The Syrian Foreign Ministry, for its part, told the country's state media agency SANA that the opposition's accusations were false. The government said that opposition "terrorists" had been concerned about the agreement struck between Syria and the international community to investigate the use of weapons of mass destruction. For that reason, this new report, the regime claimed, had been timed to discredit the government.
Motives unclear
Margret Johannsen, Middle East expert at the Institute for Peace Research and Security Policy (IFSH) at Hamburg University, said the exact circumstances of the attacks needed to be established first.
It was, she said, still unclear who had carried them out. Should they truly be the work of President Bashar al-Assad's regime, it would mean he had radically changed his strategy. "At the moment, I can't see a sensible reason why he would use chemical weapons, from the point of view of the regime," Johannsen told DW.
This was especially true because the US had publicly called the use of chemical weapons a "red line" in the conflict. Should the regime really have resorted to using them, it would have to expect the West to take stronger measures - "up to and including air intervention." Moreover, because of its military superiority, the Assad regime would hardly have needed to use such weapons, she argued: "This would go against the rationality of the regime up until now."
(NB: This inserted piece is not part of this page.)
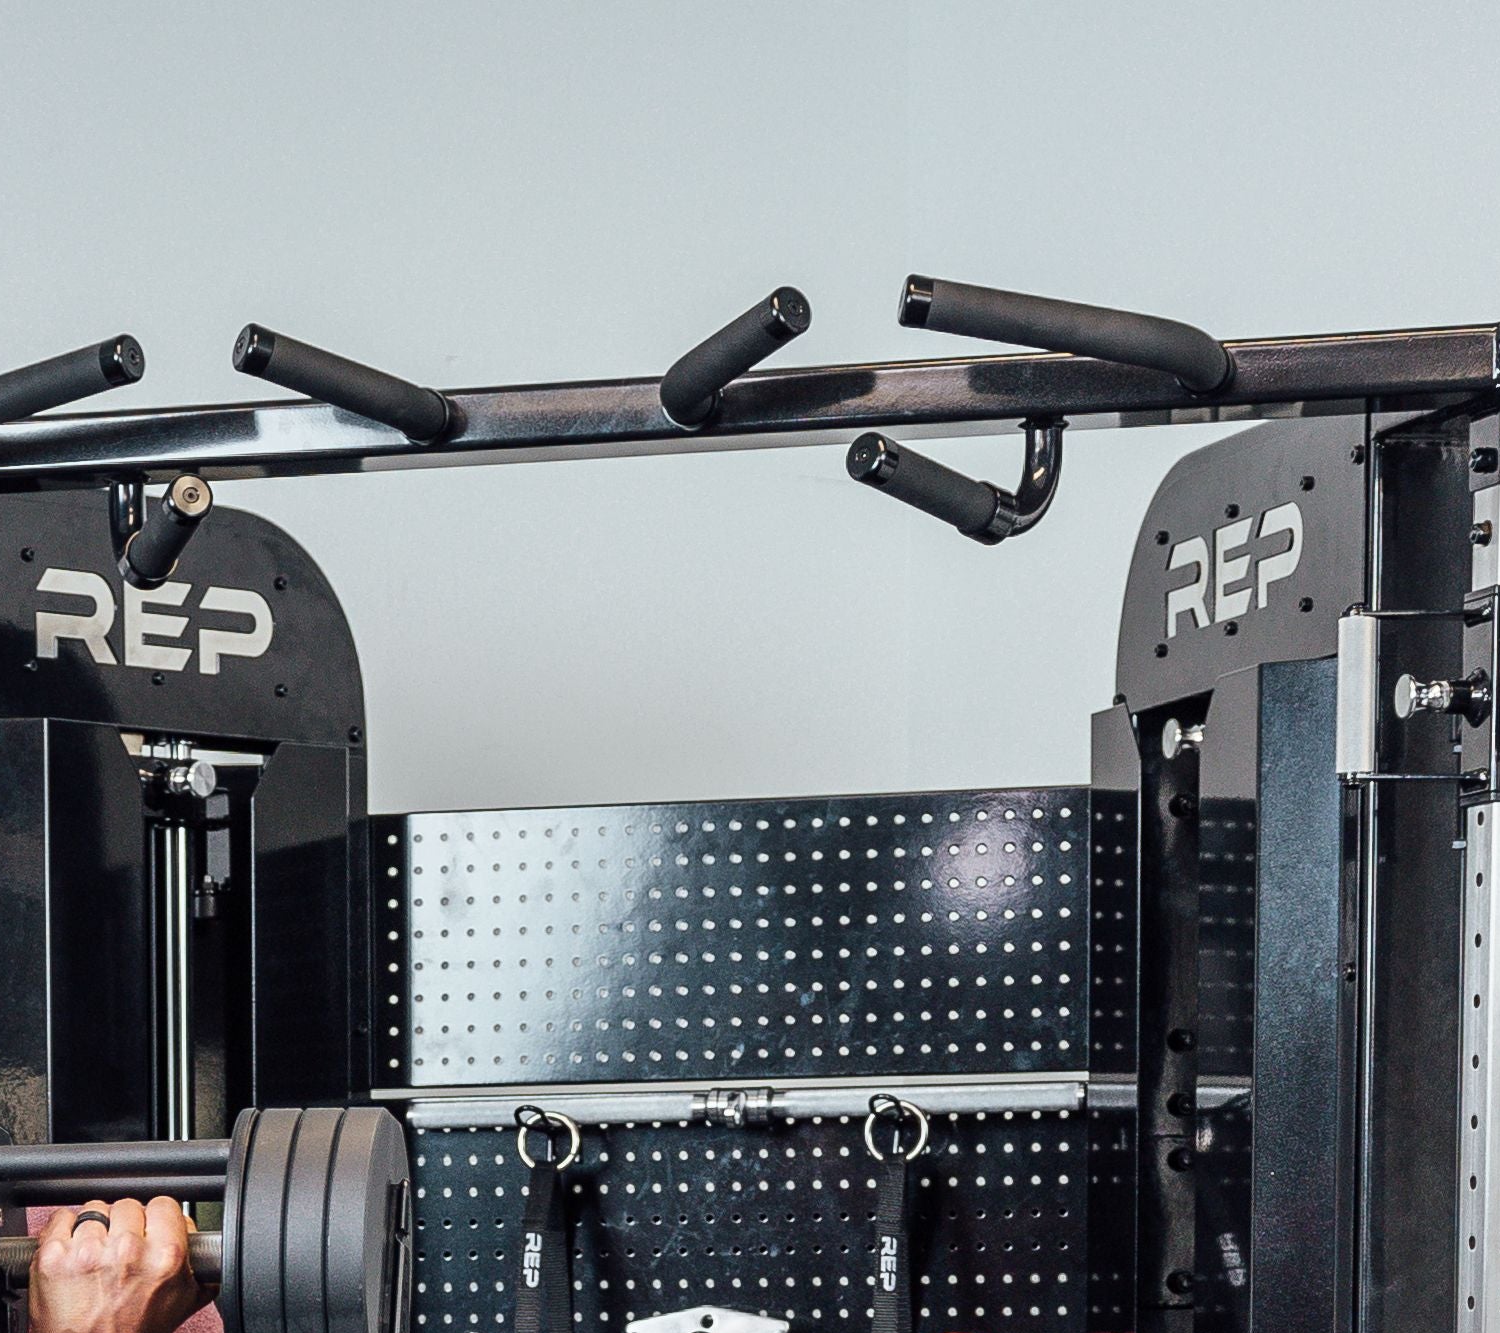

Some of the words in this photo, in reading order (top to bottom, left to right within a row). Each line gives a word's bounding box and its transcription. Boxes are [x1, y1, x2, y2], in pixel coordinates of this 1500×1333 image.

Oliver Thränert, director of the Zurich-based think tank Center for Security Studies, agrees - though he admits the Syrian regime runs one of the most modern chemical programs in the world. "Now in particular, when Assad seems to have re-consolidated his power, he would be ill-advised to put a major chemical weapons attack back on the agenda," he said.
Assad unimpressed?
Hisham Marwah sees it differently. He considers it completely plausible that the Assad regime should use chemical weapons - precisely because the regime is currently in a dominant position. Wednesday's attack was, he says, a message to the world that it was not impressed with the "red line" threats. "It signals that the regime is prepared to go to great lengths to kill the Syrian population and stop the revolution," he said.
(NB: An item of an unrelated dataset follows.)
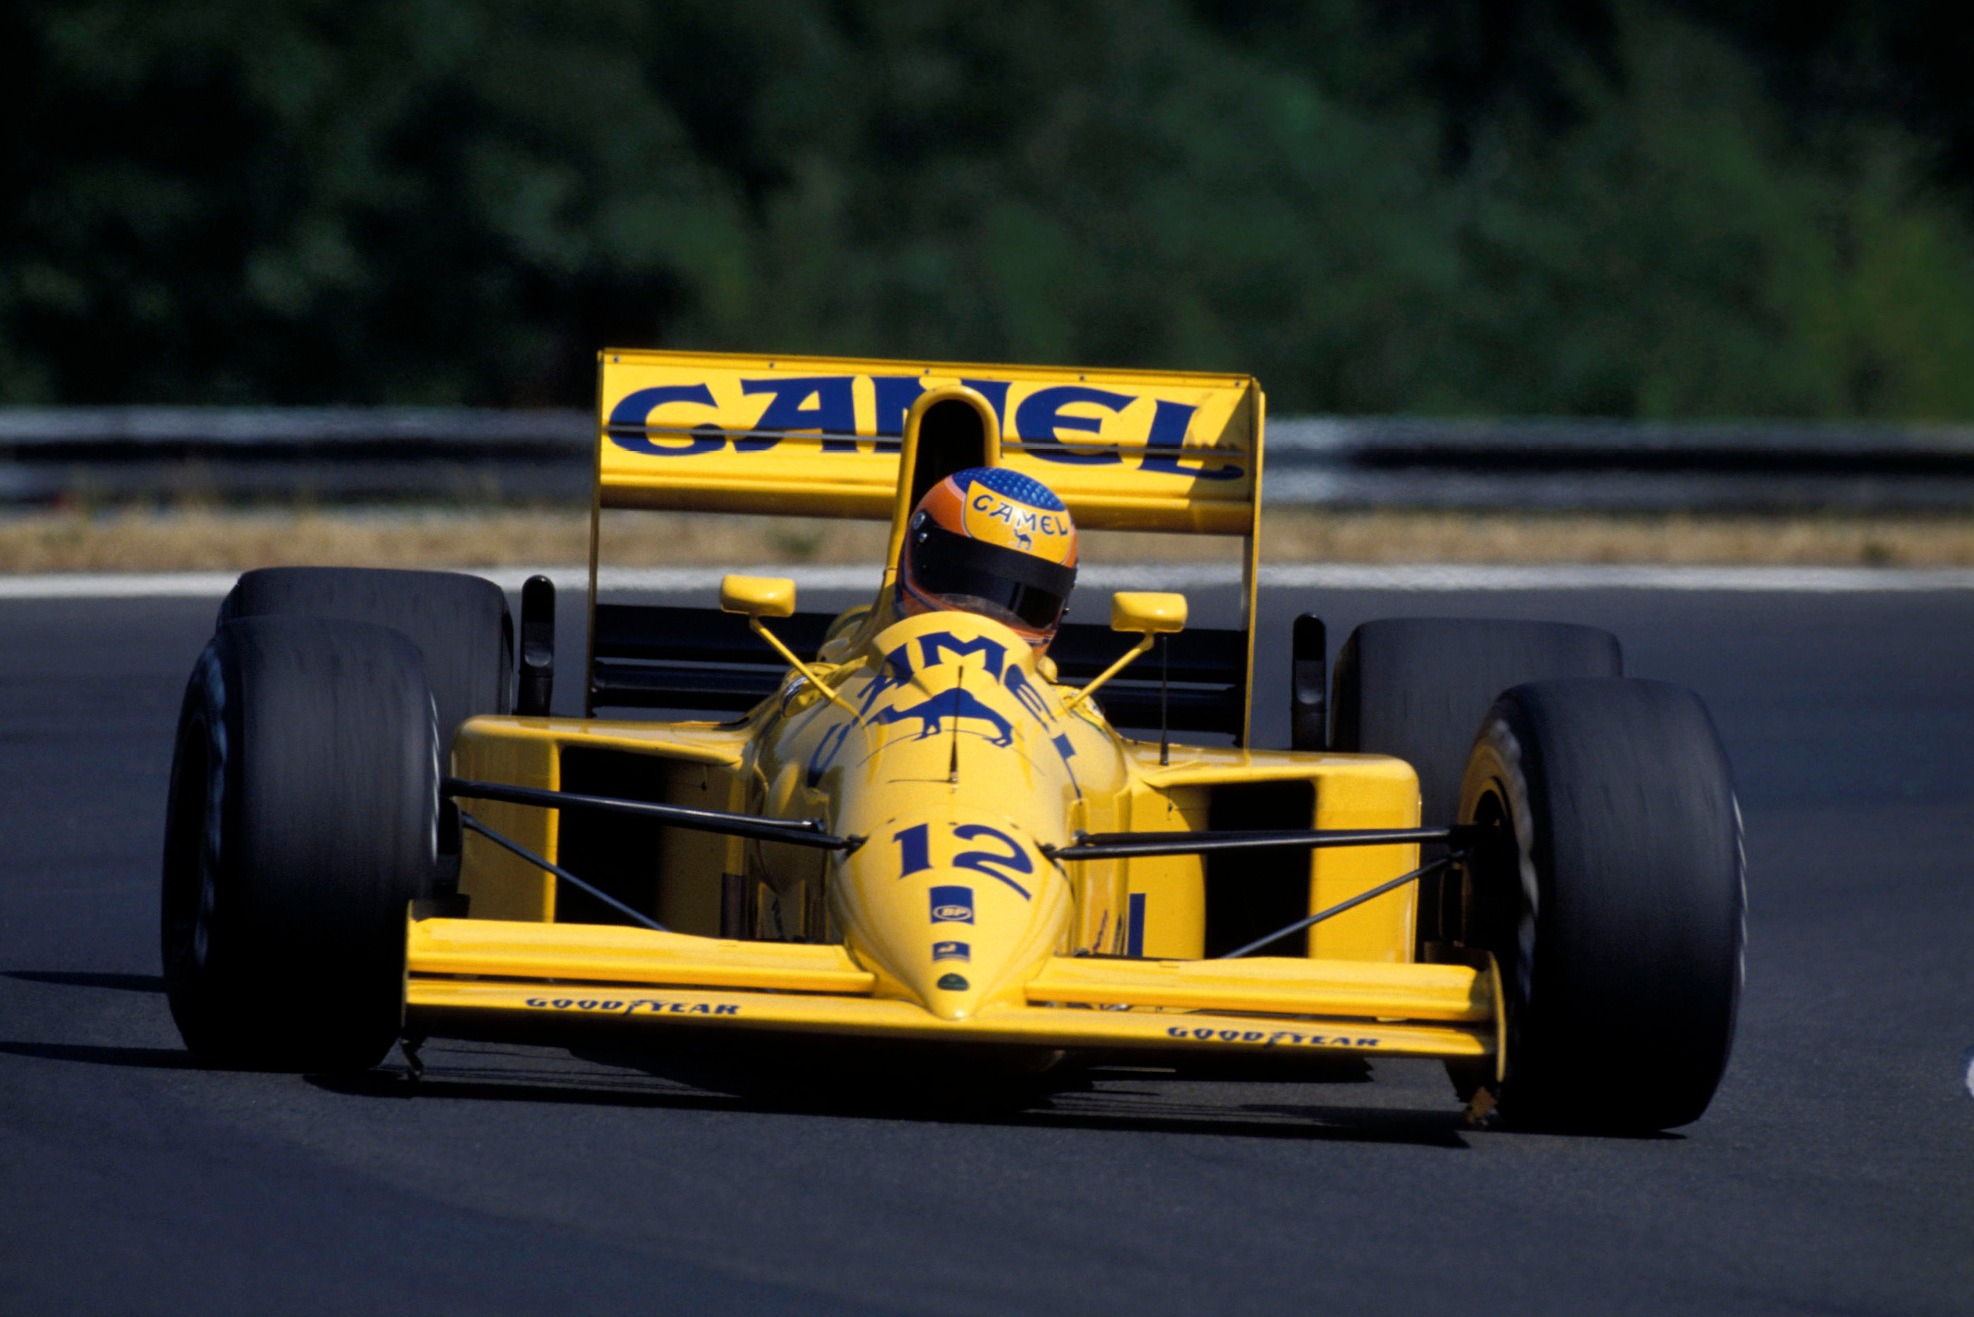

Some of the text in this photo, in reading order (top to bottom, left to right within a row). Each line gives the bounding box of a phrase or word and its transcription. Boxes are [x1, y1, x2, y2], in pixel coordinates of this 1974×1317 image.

John Hart, director of the chemical and biological weapons research group at the Stockholm International Peace Research Institute (SIPRI), does not want to jump to any conclusions. The previous claims, he said, which have neither been proved or disproved, that Assad had used chemical weapons can only be seen in the context of the entire conflict. "There are two contradictory stories of the use of chemical weapons. One from the Syrian government, the other from opposition forces," he said. Both sides spin the story according to their own political interests.
Propaganda war
For that reason, Johannsen does not want to exclude the possibility that Wednesday's attack has been used mainly for propaganda purposes. "Any of the combatant parties that want to provoke the West into military intervention could be tempted to carry out such an attack as an 'agent provocateur'," she said. "I'm not saying that's what happened. I'm just saying that such calculations are not impossible in bitter struggles where all scruples have been abandoned."
The UN inspectors are obliged to limit their investigations to three specific areas - which do not include the locations of the recent attacks. As long as the origins of these attacks have not been clarified, the propaganda war surrounding them will continue.